__TASK BRIEF__:
Give the data again in full, without pictures.

__RAW DATA__:
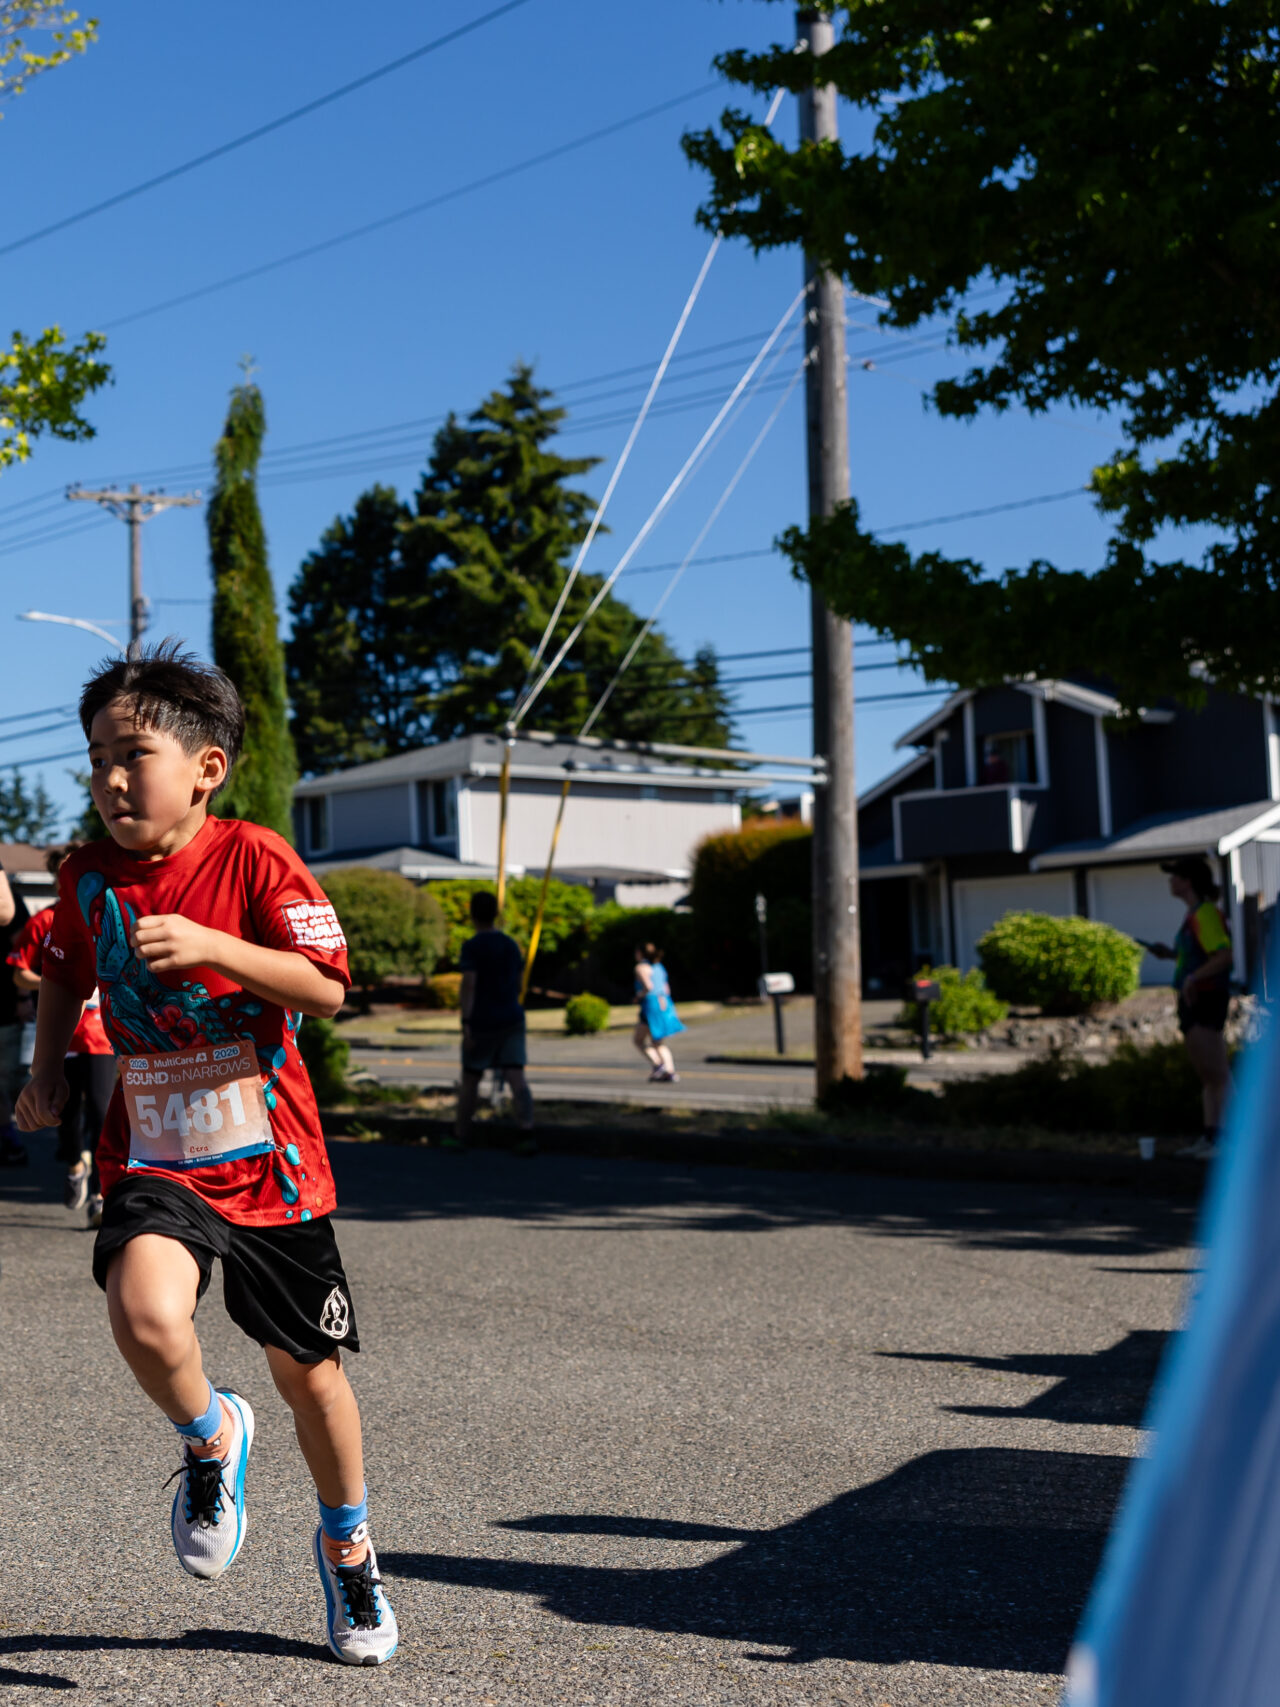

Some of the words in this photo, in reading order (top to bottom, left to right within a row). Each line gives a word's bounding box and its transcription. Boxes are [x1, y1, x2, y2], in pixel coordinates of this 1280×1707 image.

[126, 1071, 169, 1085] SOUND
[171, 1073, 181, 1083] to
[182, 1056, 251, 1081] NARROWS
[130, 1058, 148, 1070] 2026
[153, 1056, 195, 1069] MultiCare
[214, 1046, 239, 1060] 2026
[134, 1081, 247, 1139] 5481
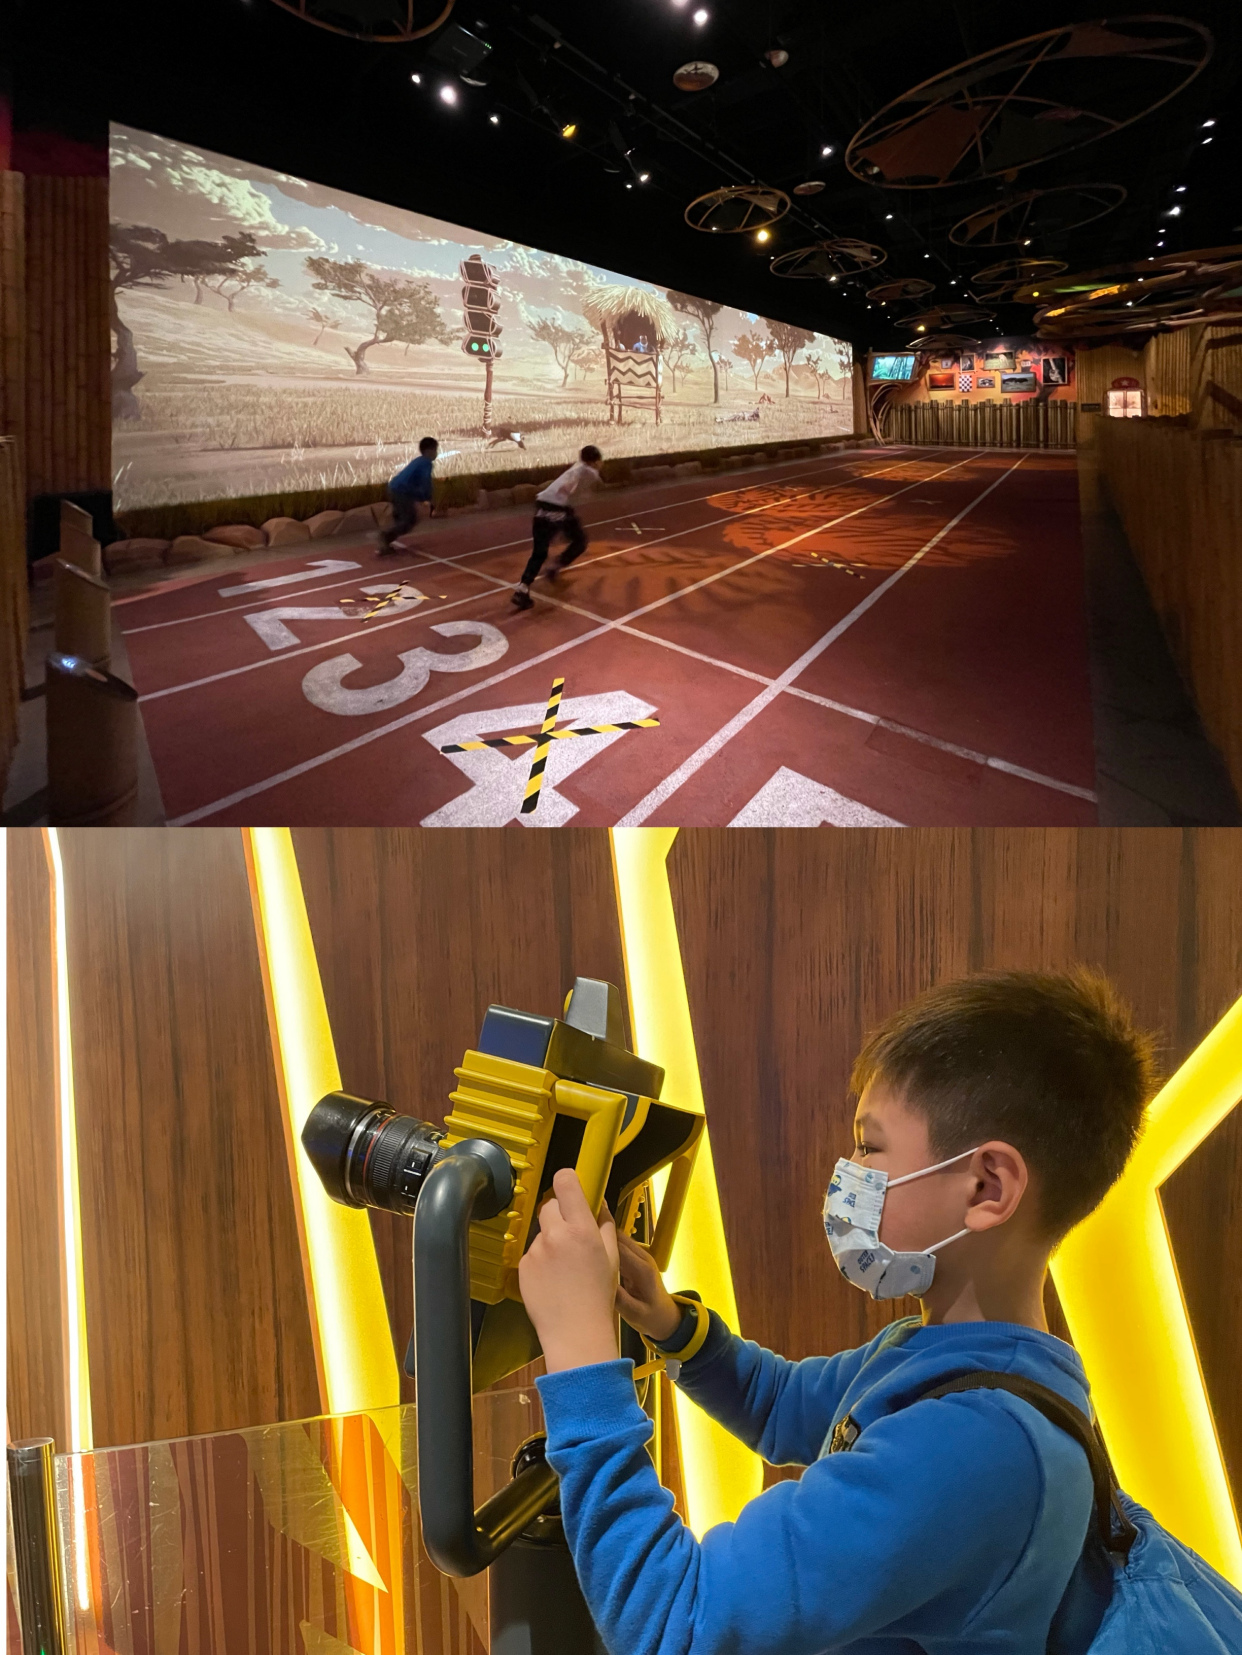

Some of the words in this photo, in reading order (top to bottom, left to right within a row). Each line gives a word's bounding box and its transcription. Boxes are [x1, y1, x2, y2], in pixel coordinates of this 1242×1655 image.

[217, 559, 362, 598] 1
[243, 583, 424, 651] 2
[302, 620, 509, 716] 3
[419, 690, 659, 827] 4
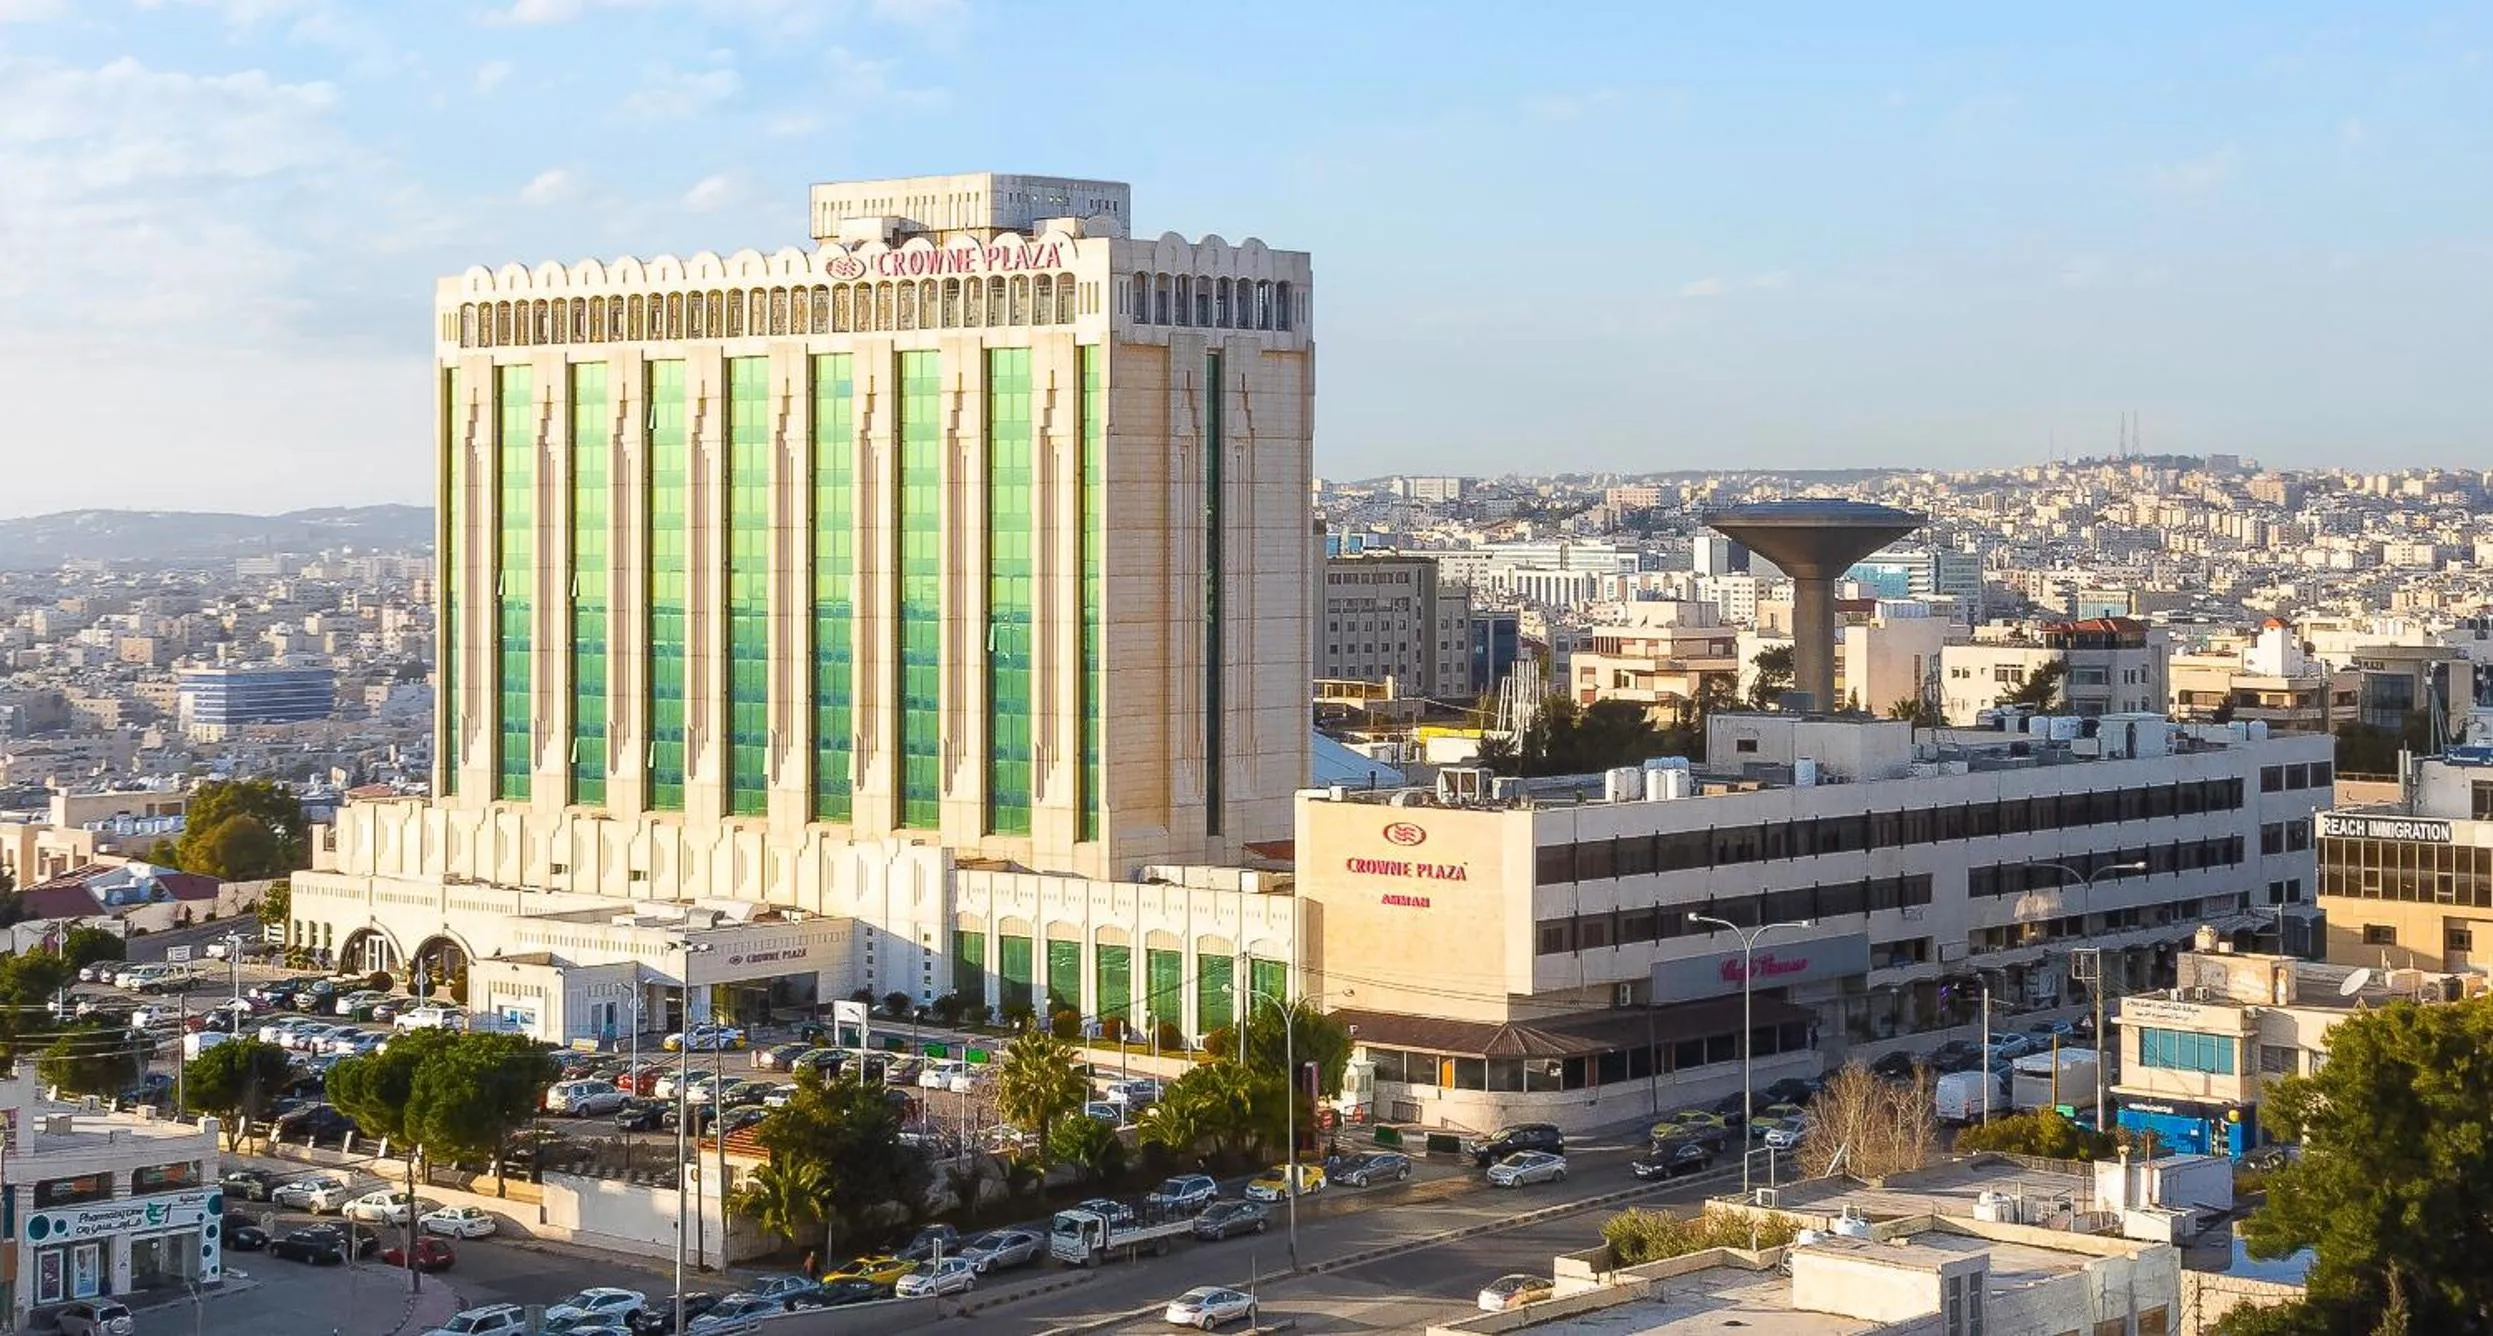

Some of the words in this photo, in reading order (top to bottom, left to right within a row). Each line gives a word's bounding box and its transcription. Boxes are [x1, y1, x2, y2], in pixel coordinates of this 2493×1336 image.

__SOLUTION__:
Some of the words in this photo, in reading order (top to bottom, left to right within a row). Each line gives a word's bounding box and its transcription. Boxes are [x1, y1, x2, y2], in pixel coordinates of this 1280×1707 image.

[126, 1071, 169, 1085] SOUND
[171, 1073, 181, 1083] to
[182, 1056, 251, 1081] NARROWS
[130, 1058, 148, 1070] 2026
[153, 1056, 195, 1069] MultiCare
[214, 1046, 239, 1060] 2026
[134, 1081, 247, 1139] 5481

Some of the words in this photo, in reading order (top to bottom, left to right within a row). Each line gives a word's bounding box and its transcription. Boxes are [x1, y1, x2, y2], in pixel coordinates of this 1242×1655 image.

[217, 559, 362, 598] 1
[243, 583, 424, 651] 2
[302, 620, 509, 716] 3
[419, 690, 659, 827] 4

Some of the words in this photo, in reading order (top to bottom, left to right within a row). Each line gives a word's bounding box and its transcription. Boxes are [x1, y1, x2, y2], in pixel coordinates of this 2493×1336 image.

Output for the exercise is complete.